WORK TO BE COMPLETED >> Output all the records word for word. Drop the pictures.

[TASK DATA — start]

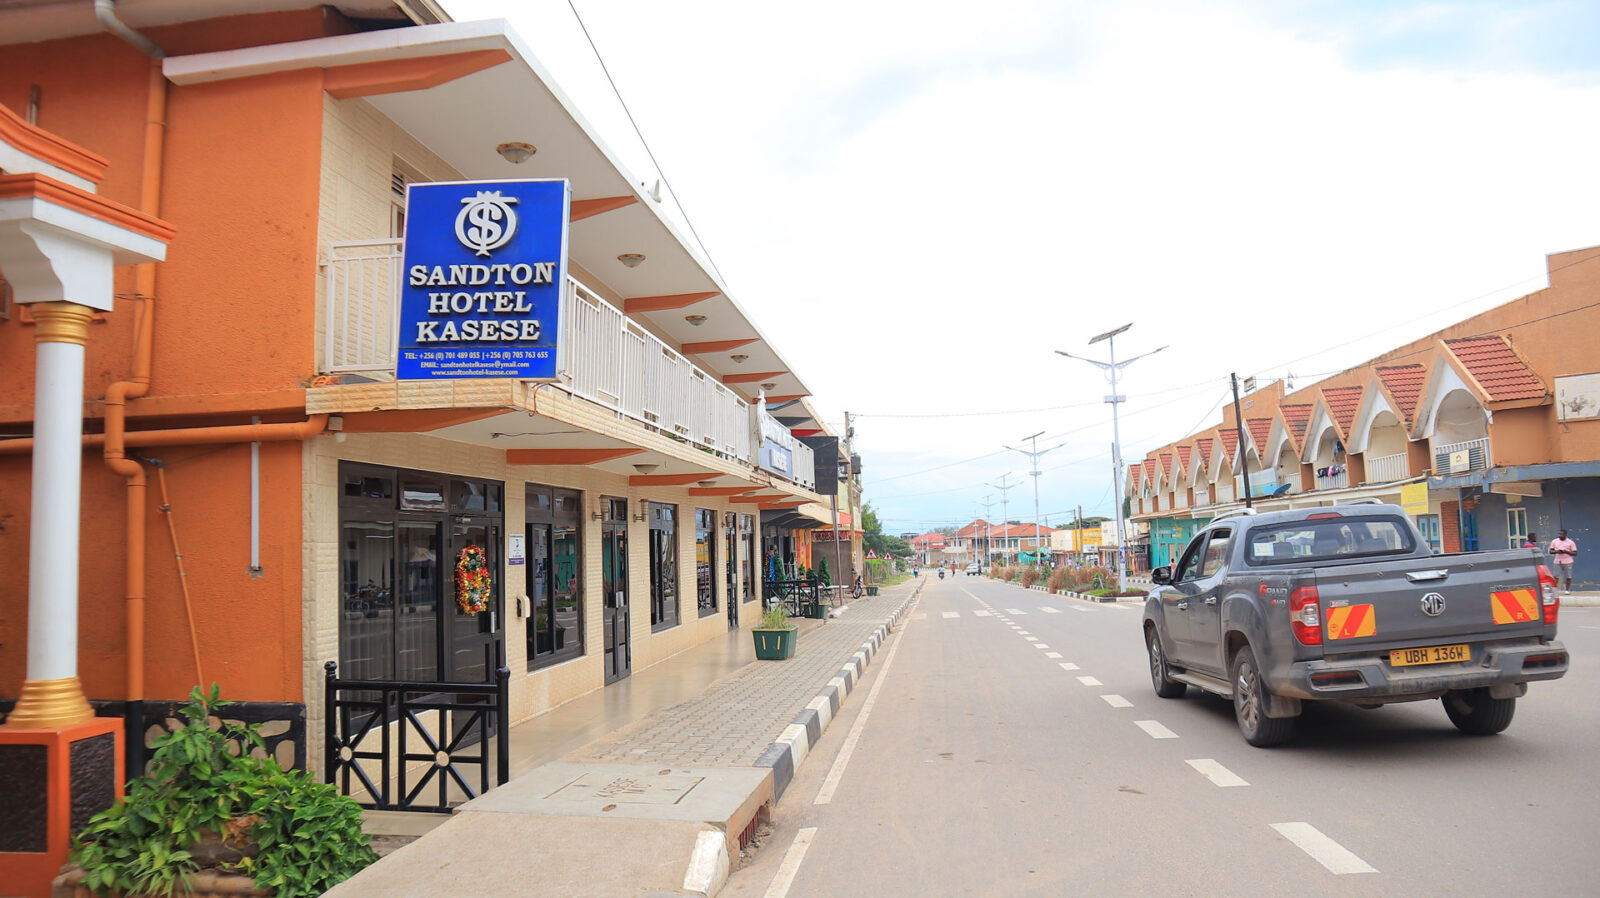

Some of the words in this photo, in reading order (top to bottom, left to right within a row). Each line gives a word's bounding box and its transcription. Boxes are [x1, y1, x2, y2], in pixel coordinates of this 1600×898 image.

[409, 262, 556, 286] SANDTON
[427, 291, 533, 313] HOTEL
[415, 319, 540, 342] KASESE
[404, 352, 418, 360] TEL:
[419, 352, 434, 360] +256
[435, 352, 444, 361] (0)
[445, 352, 456, 360] 701
[502, 352, 511, 361] (0)
[512, 351, 524, 359] 705
[525, 351, 536, 359] 763
[537, 351, 549, 359] 655
[1423, 594, 1445, 614] MG
[1516, 612, 1525, 620] R
[1344, 628, 1350, 636] L
[1404, 650, 1429, 664] UBH
[1430, 646, 1464, 662] 136W

[TASK DATA — finish]

ANSWER FOR THIS EXERCISE >>
Some of the words in this photo, in reading order (top to bottom, left to right within a row). Each line gives a word's bounding box and its transcription. Boxes are [x1, y1, x2, y2], in pixel coordinates of this 1600×898 image.

[409, 262, 556, 286] SANDTON
[427, 291, 533, 313] HOTEL
[415, 319, 540, 342] KASESE
[404, 352, 418, 360] TEL:
[419, 352, 434, 360] +256
[435, 352, 444, 361] (0)
[445, 352, 456, 360] 701
[502, 352, 511, 361] (0)
[512, 351, 524, 359] 705
[525, 351, 536, 359] 763
[537, 351, 549, 359] 655
[1423, 594, 1445, 614] MG
[1516, 612, 1525, 620] R
[1344, 628, 1350, 636] L
[1404, 650, 1429, 664] UBH
[1430, 646, 1464, 662] 136W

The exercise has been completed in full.